Ensuite, j’ai eu le rôle principal dans « La tête froide », un film d’un jeune réalisateur qui s’appelle Nicolas Mesdom. Le film a beaucoup tourné, on a fait pas mal de grands festivals de courts-métrages, notamment le FIFF, j’ai aussi reçu un prix d’interprétation. C’est vraiment ce film qui m’a mis le pied à l’étrier. En plus, c’était une vraie rencontre : Nicolas Mesdom m’a transmis son amour du cinéma, il m’a conseillé plein de films à voir. Bref, il est vraiment mon grand-frère de cinéma. C’est ce film-là qui m’a révélé que j’avais envie de faire du cinéma. Maintenant, quelques années plus tard, je n’ai pas envie de faire autre chose. J’ai enfin le sentiment de pouvoir m’exprimer et de servir à quelque chose.

Et tu avais déjà cet amour du cinéma avant de te lancer dans cette voie ?
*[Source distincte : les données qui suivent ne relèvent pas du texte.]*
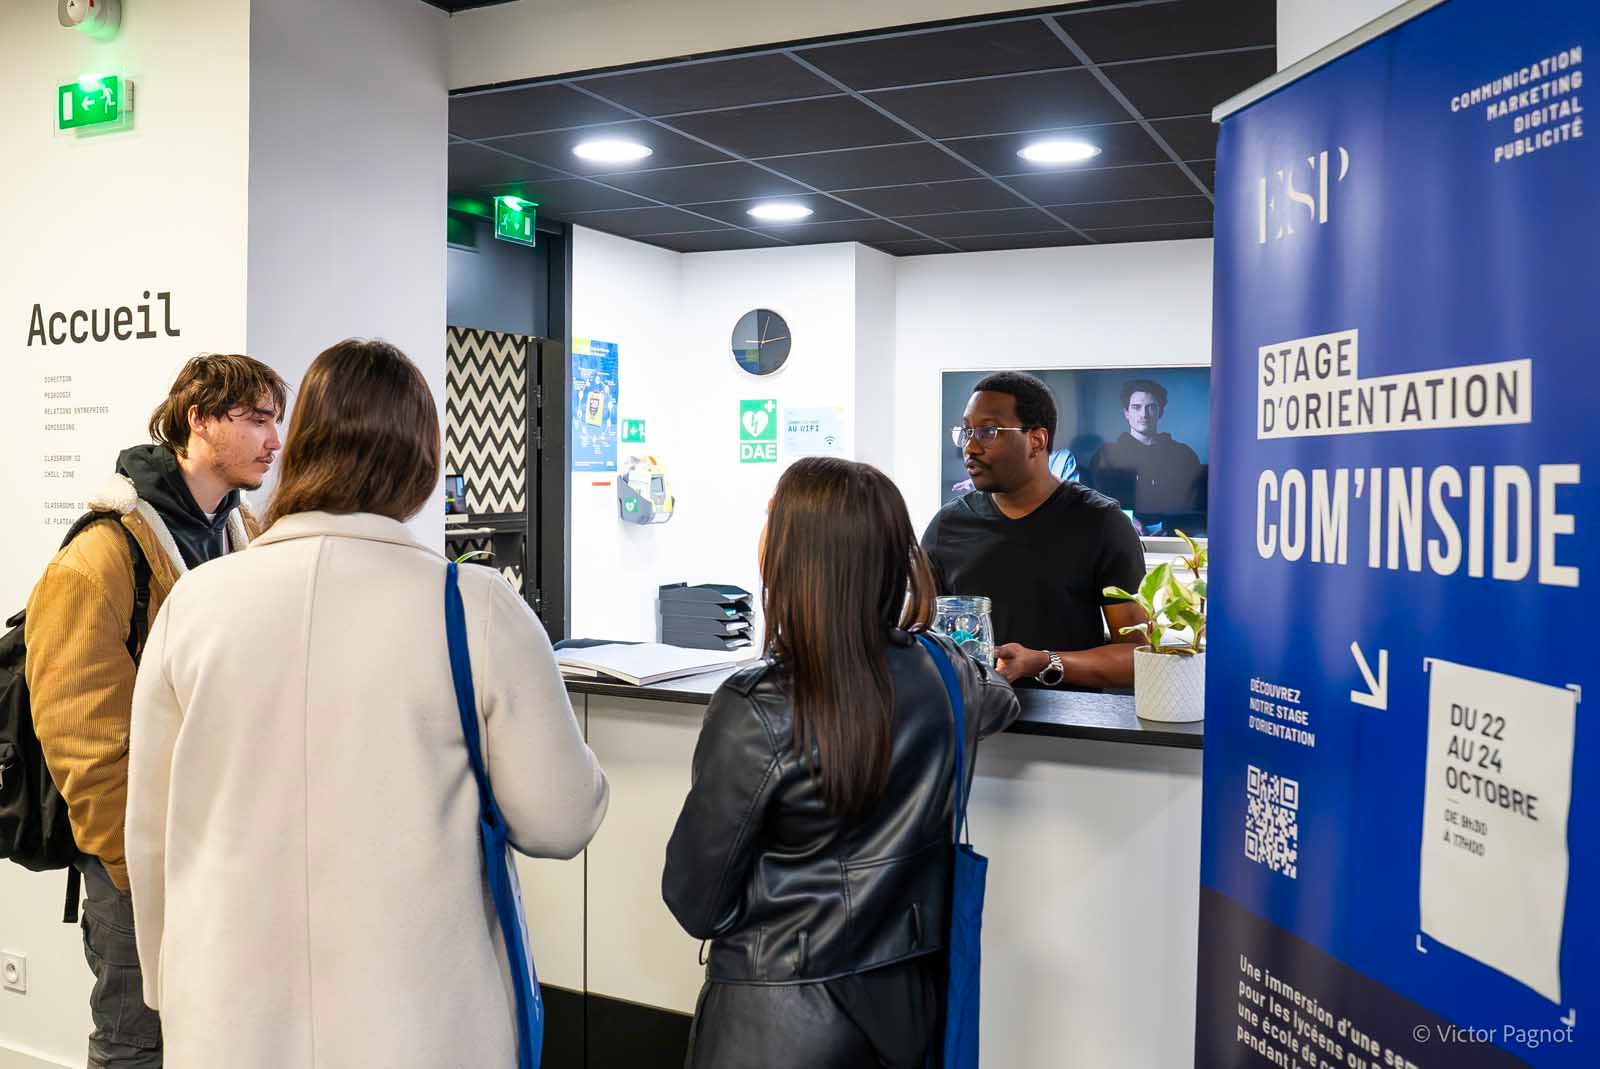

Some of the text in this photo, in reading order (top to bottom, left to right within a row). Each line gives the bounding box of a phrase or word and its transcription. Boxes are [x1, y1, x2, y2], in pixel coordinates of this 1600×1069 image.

[1451, 46, 1583, 112] COMMUNICATION
[1486, 70, 1583, 121] MARKETING
[1513, 95, 1583, 134] DIGITAL
[1493, 117, 1584, 164] PUBLICITÉ
[1259, 146, 1349, 244] ESP
[27, 290, 181, 346] Accueil
[1263, 338, 1353, 386] STAGE
[1263, 370, 1519, 433] D'ORIENTATION
[741, 444, 777, 459] DAE
[1256, 463, 1581, 588] COM'INSIDE
[1249, 697, 1309, 726] NOTRE STAGE
[1250, 677, 1301, 704] DÉCOUVREZ
[1248, 715, 1316, 748] D'ORIENTATION
[1450, 703, 1506, 741] DU 22
[1447, 735, 1503, 773] AU 24
[1444, 808, 1459, 825] DE
[1445, 766, 1539, 821] OCTOBRE
[1238, 980, 1267, 1008] pour
[1269, 995, 1291, 1023] les
[1293, 1009, 1344, 1061] lycéens
[1239, 953, 1262, 982] Une
[1264, 969, 1334, 1029] immersion
[1337, 1017, 1381, 1058] d'une
[1236, 1024, 1288, 1069] pendant
[1238, 1002, 1259, 1028] une
[1262, 1016, 1299, 1054] école
[1301, 1044, 1317, 1068] de
Sans m’en rendre compte, oui ! Mon père est un collectionneur de trucs de merde et, à l’époque, il collectionnait les pin’s et des films qu’il ne regardait même pas. C’était juste pour dire qu’il avait plein de films à la maison. Mon père était commerçant et, en face de son magasin, il y avait un « Vidéo Futur ». Comme il s’entendait bien avec le gérant, celui-ci lui refilait tous les films qui ne se louaient plus. C’est comme ça que, plus jeune, j’ai pu regarder plein de films. Mes premiers souvenirs de cinéma, ce sont « Les Affranchis », « L’impasse », « Scarface », tous ces films-là… parce que mon père me disait que je ne pouvais pas les regarder. En bon adolescent, je les regardais évidemment ! Mes premières claques de cinéma.

À quatorze piges, quand je voyais Ray Liotta se taper des grosses traces de coke, moi j’y croyais ! Ça a été un choc, c’était tellement vrai, j’y croyais tellement fort que je me disais que ça devait être la vraie vie. À  l’époque, j’invitais des potes et on fumait des clopes en regardant des films sur notre grosse télévision. Sans m’en rendre compte, je me suis forgé un bonne petite culture cinématographique.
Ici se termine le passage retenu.